In the first pic you can see that the side wings are down, normally I just leave these up. They are made so that they are flush with the saw bed.




Wings in position, they are only held in place with hinges and the underneath supports. I have had 10 foot planks on the saw and it takes it nicely.




In the cupboard I have the dust extraction unit, this is a must with a SCMS. Not sure what make you have but I definitely recommend that you have some dust extraction attached to the saw.
As one would expect with Festool the dust extraction from the Kapex is very good, I'd say about 95% efficient.

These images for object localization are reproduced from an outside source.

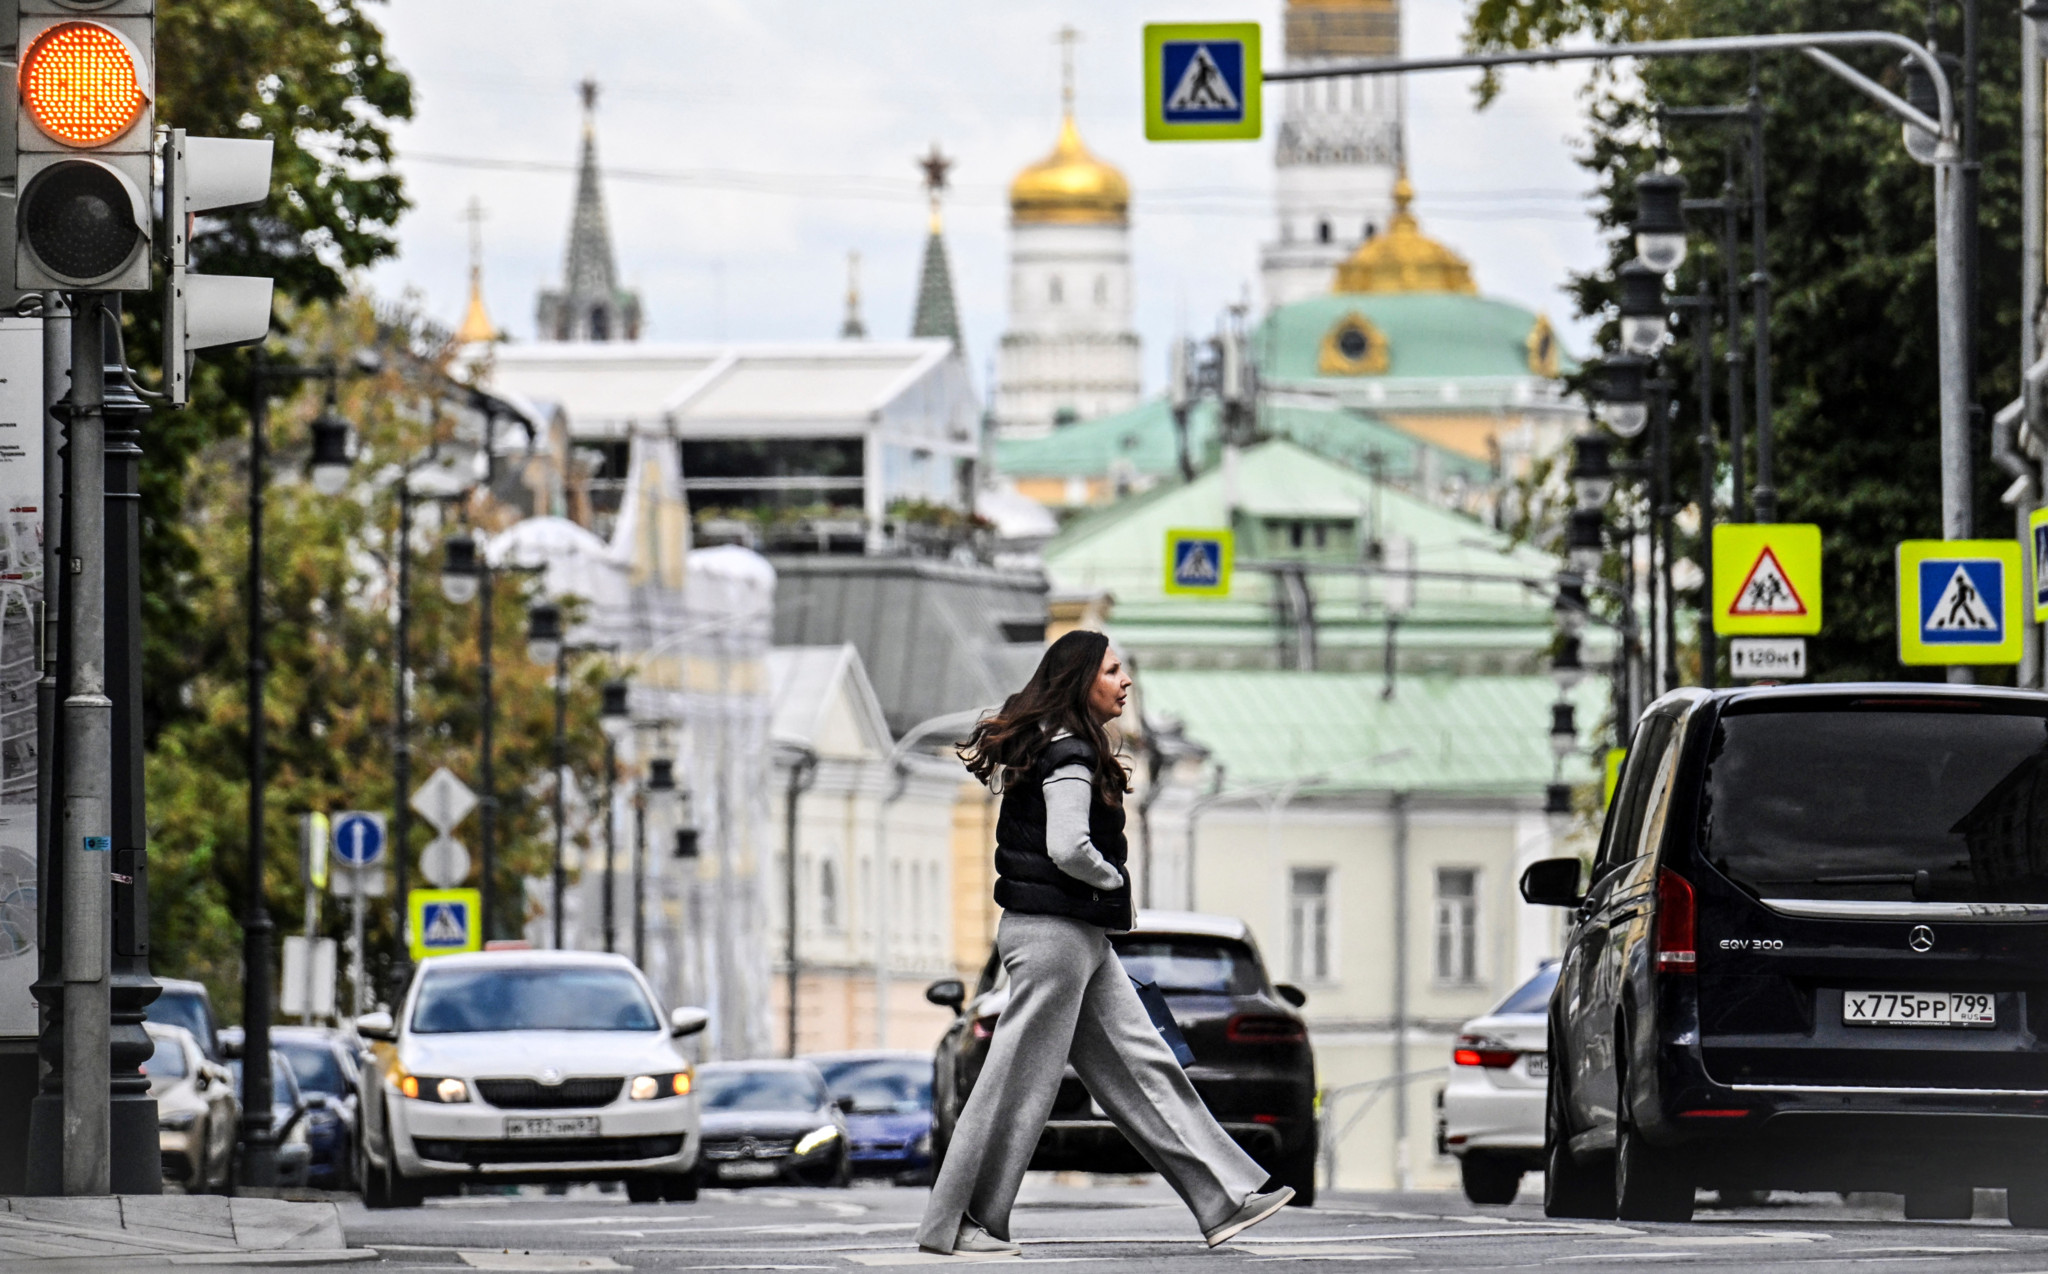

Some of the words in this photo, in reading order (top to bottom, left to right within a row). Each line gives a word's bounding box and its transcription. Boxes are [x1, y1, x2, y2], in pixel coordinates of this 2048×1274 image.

[1719, 939, 1749, 950] EQV
[1752, 939, 1784, 950] 300
[1952, 995, 1989, 1014] 799
[1961, 1013, 1980, 1021] RUS
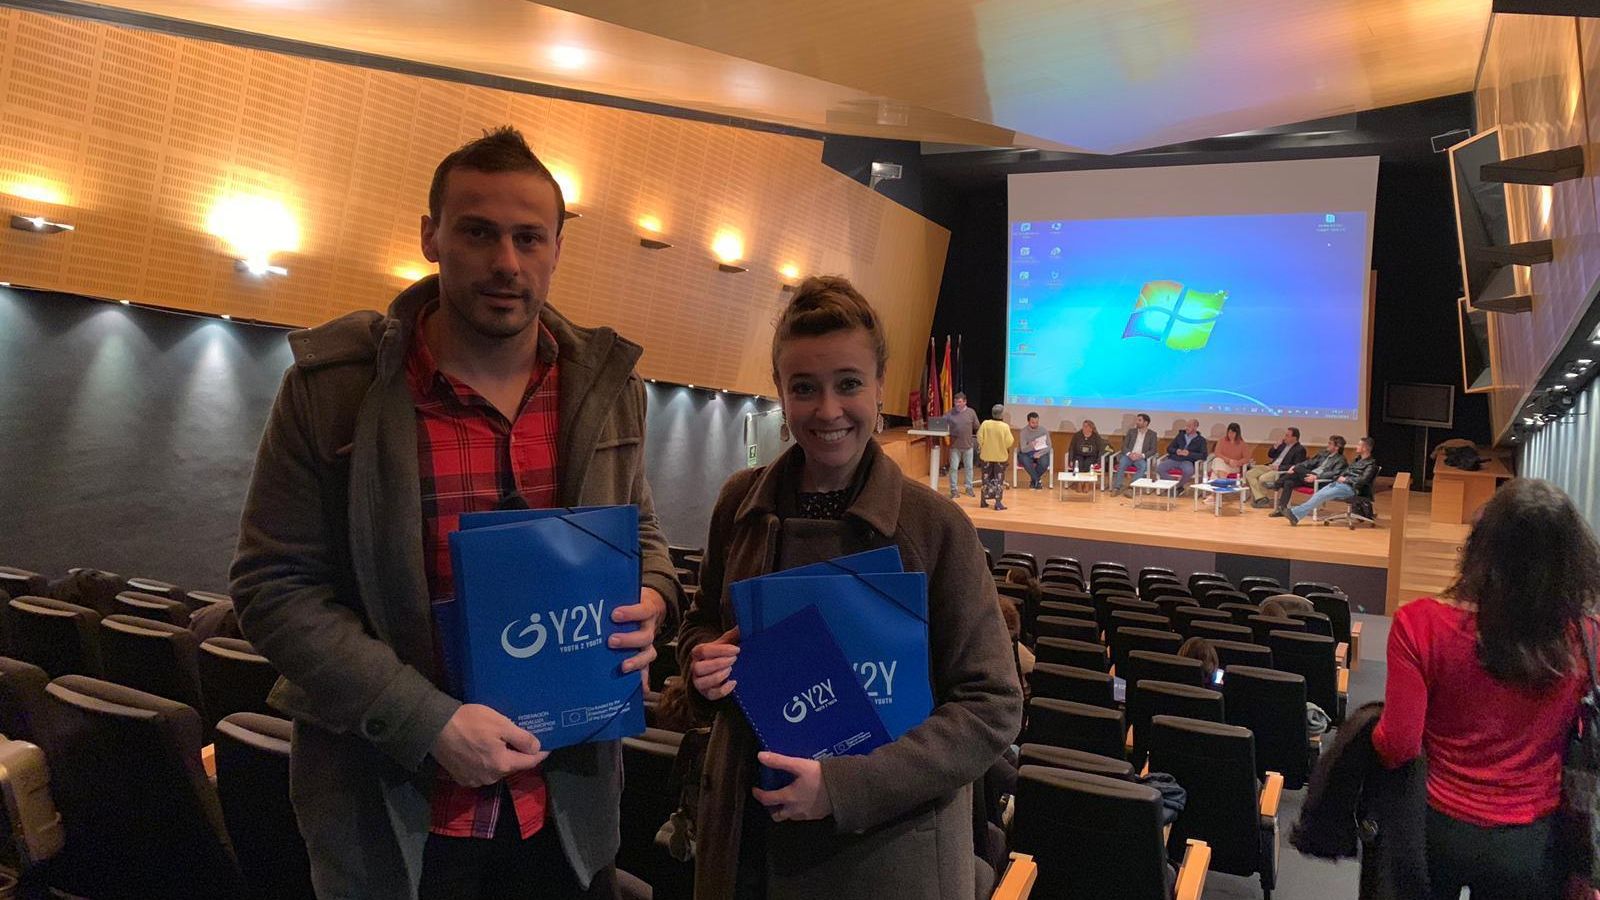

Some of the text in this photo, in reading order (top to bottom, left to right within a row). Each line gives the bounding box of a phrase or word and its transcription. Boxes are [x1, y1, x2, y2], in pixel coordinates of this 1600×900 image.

[548, 599, 605, 645] Y2Y
[560, 644, 579, 654] YOUTH
[586, 637, 603, 648] YOUTH
[801, 678, 836, 709] Y2Y
[852, 660, 897, 697] 2Y
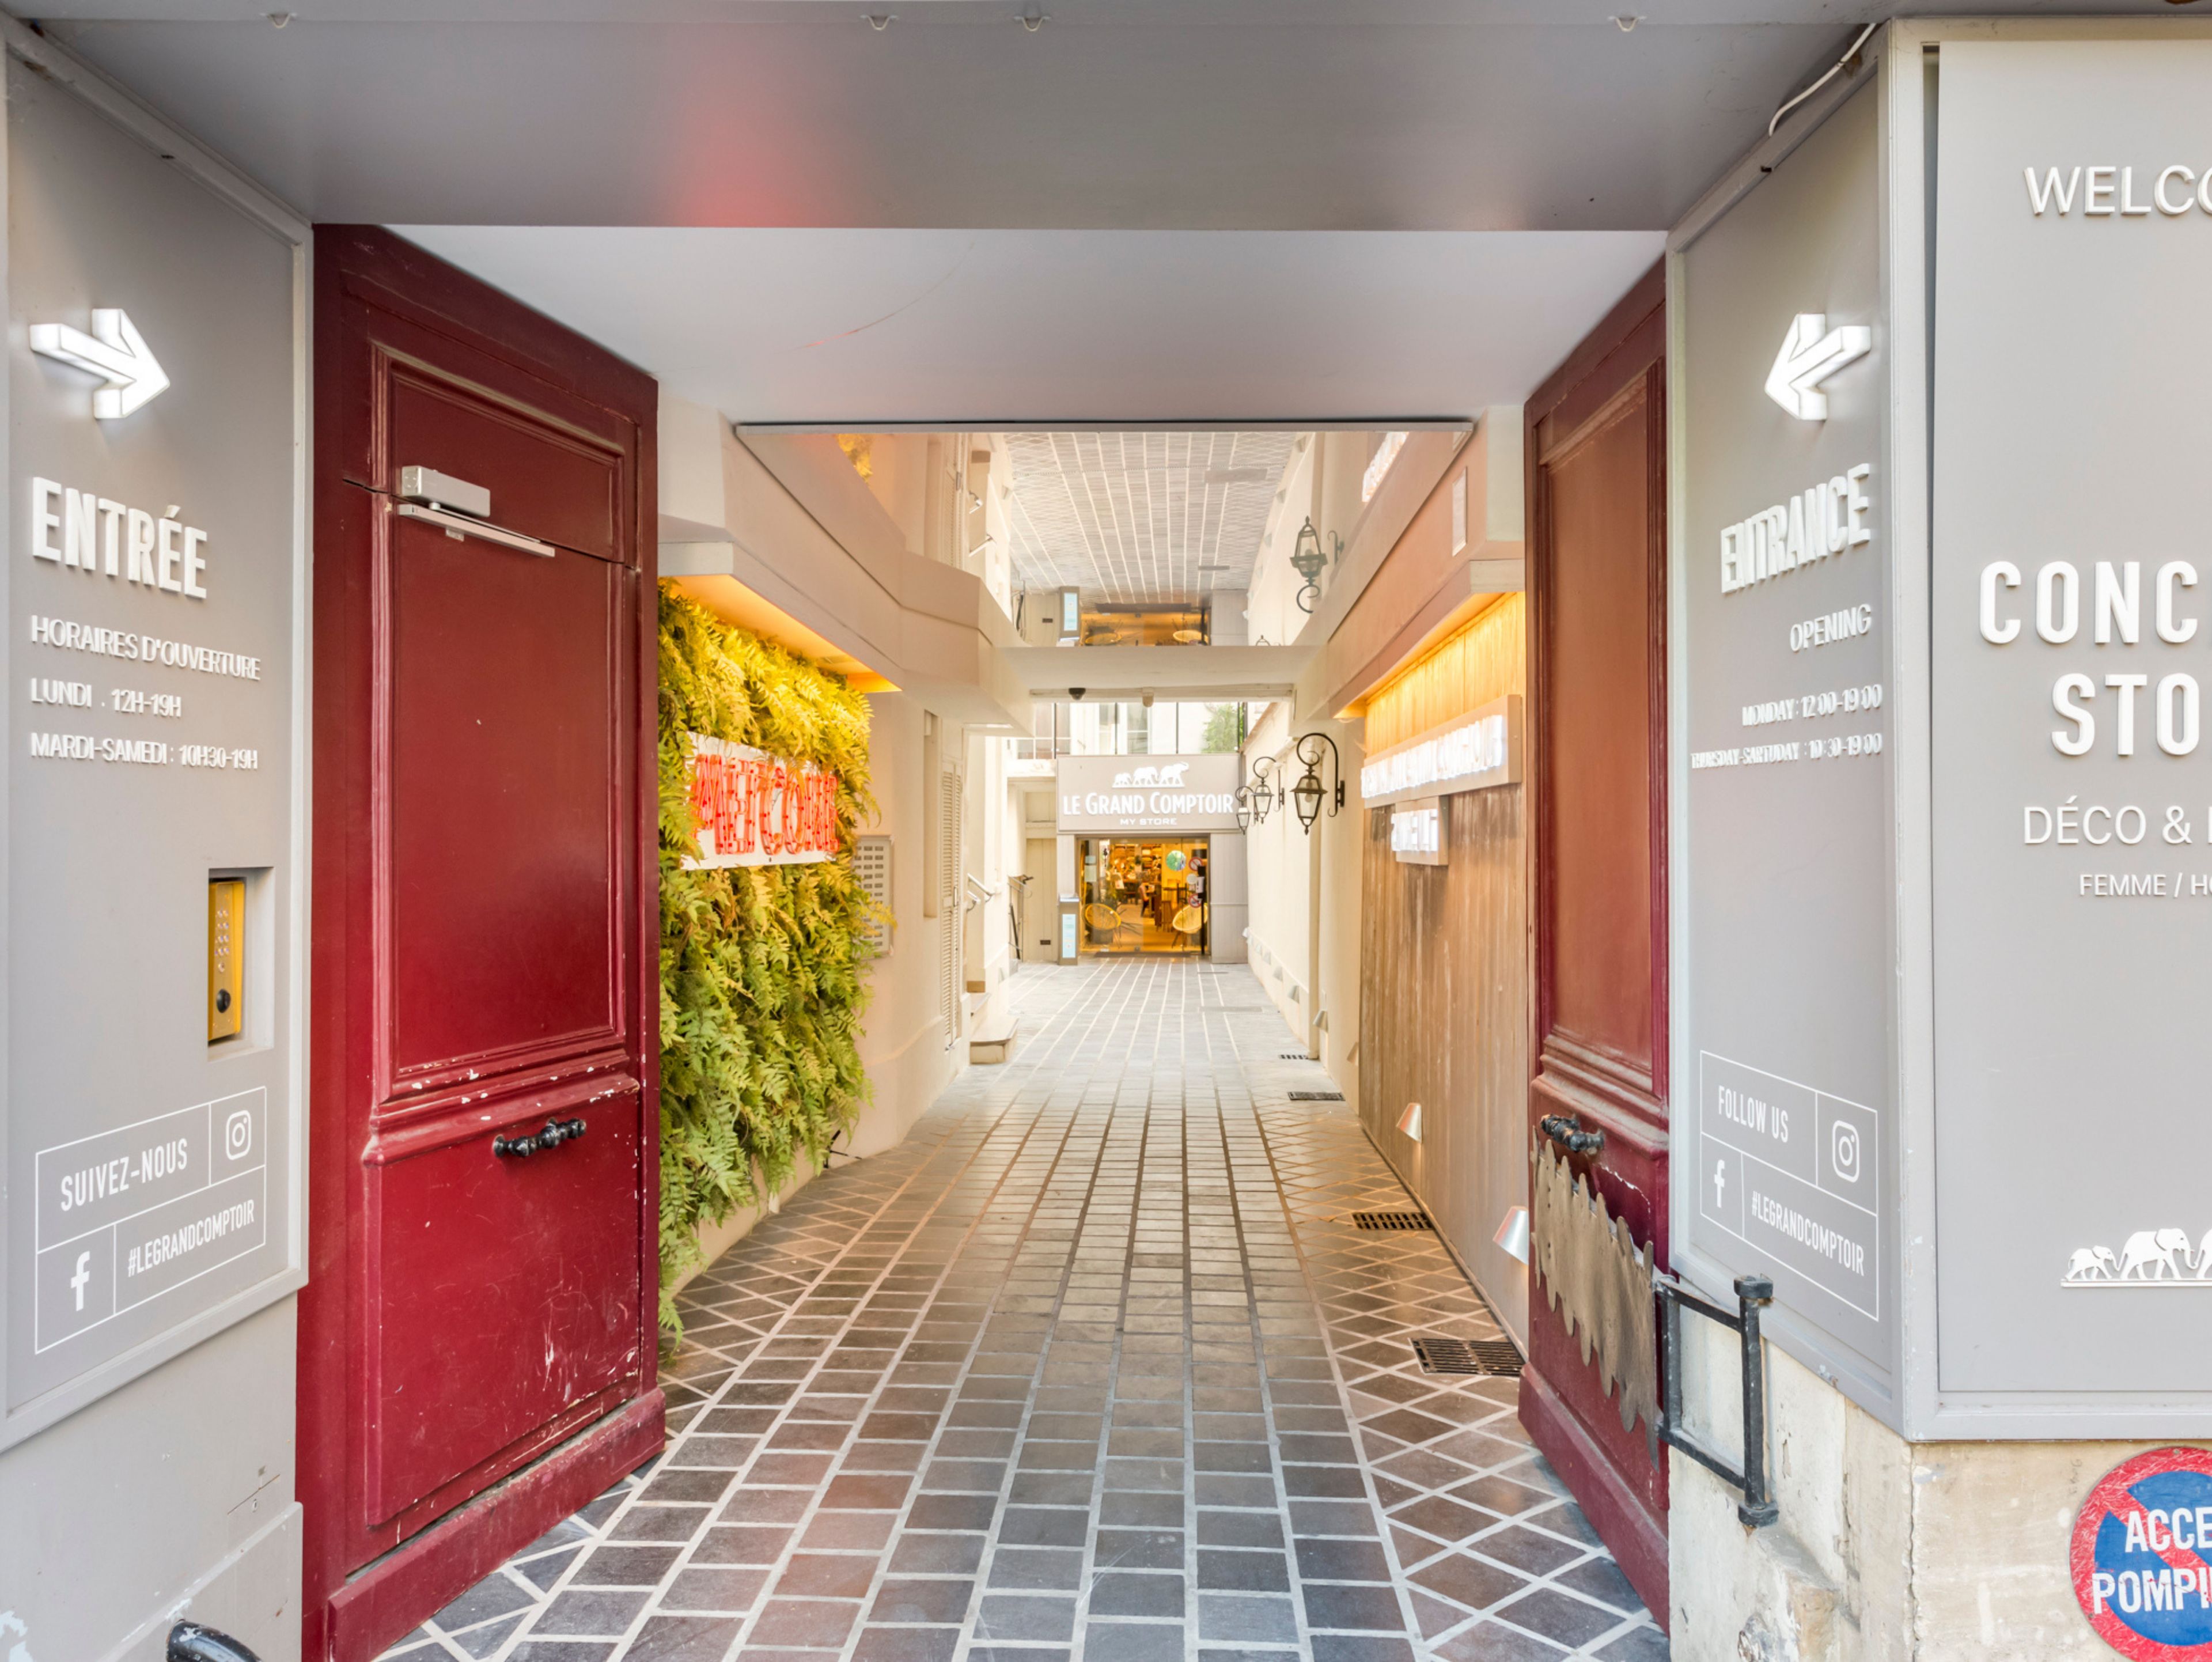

You will also notice that mine is mobile, as is most of my machines. I find that the mobility gives you the easy option of changing the shop around.

I could have opted for Festools purpose built stand and wings, but didn't feel that this was as robust as mine, and as I don't need the added advantage of transporting it to site, which the purpose built one is designed for, and not wanting to spend £500 on the stand I declines.

Hope this is of help


----------



## Mike.C (4 Jan 2012)

I have only just recently included this http://www.sketchupwoodplans.com/free-p...saw-stand/

in "Leave You Free Down Loadable Woodworking Books Here Posted: Sun Oct 02, 2011 4:26 pm thread"

If any of you guys come up with any free plans or books please post them in the above thread.

Cheers

Mike


----------



## Benchwayze (5 Jan 2012)

Hi Folks, 

Thanks for the ideas and pics. 
I am going to need an ‘all-in-one’ cabinet with the saw more or less permanently in place. I will have room for a four foot wide cabinet, divided into three and on lockable castors. Storage beneath for other power tools.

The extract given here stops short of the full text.